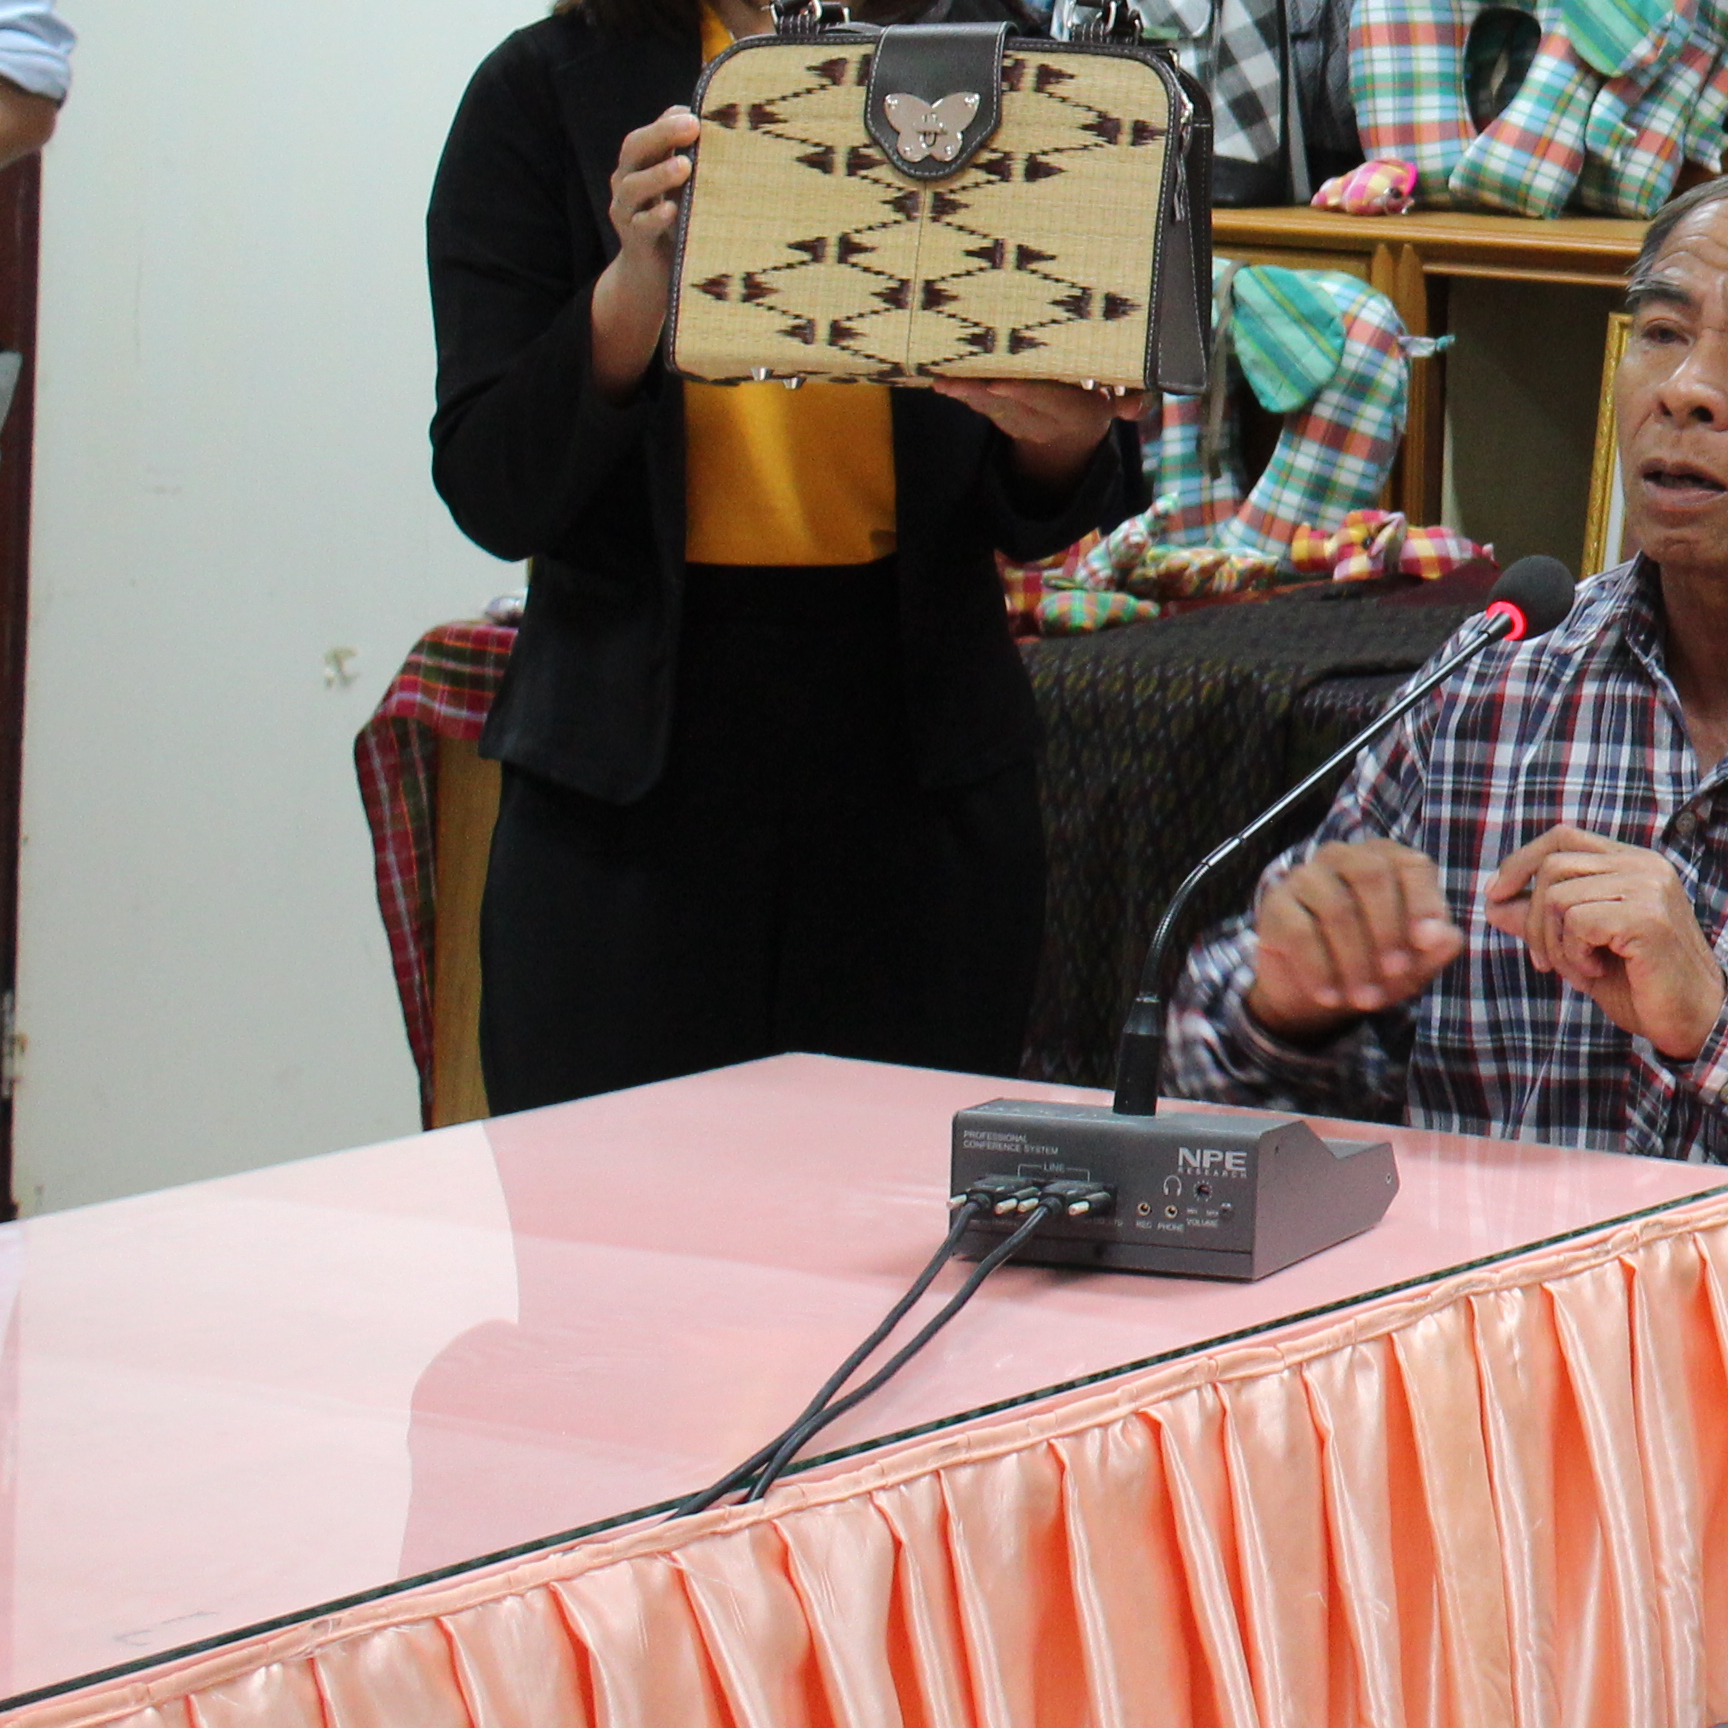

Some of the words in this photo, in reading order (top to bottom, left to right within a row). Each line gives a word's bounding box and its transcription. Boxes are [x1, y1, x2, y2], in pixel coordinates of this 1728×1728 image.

[963, 1130, 1027, 1143] PROFESSIONAL
[1024, 1144, 1059, 1154] SYSTEM
[1178, 1146, 1248, 1172] NPE
[1177, 1165, 1248, 1179] RESEARCH
[1157, 1221, 1184, 1232] PHONE
━━━━━━━━━━━━━━━━━━━━
Every entry above should be given again exactly, with no images included.

Some of the words in this photo, in reading order (top to bottom, left to right within a row). Each line gives a word's bounding box and its transcription. Boxes are [x1, y1, x2, y2], in pixel coordinates of this 1728×1728 image.

[963, 1130, 1027, 1143] PROFESSIONAL
[1024, 1144, 1059, 1154] SYSTEM
[1178, 1146, 1248, 1172] NPE
[1177, 1165, 1248, 1179] RESEARCH
[1157, 1221, 1184, 1232] PHONE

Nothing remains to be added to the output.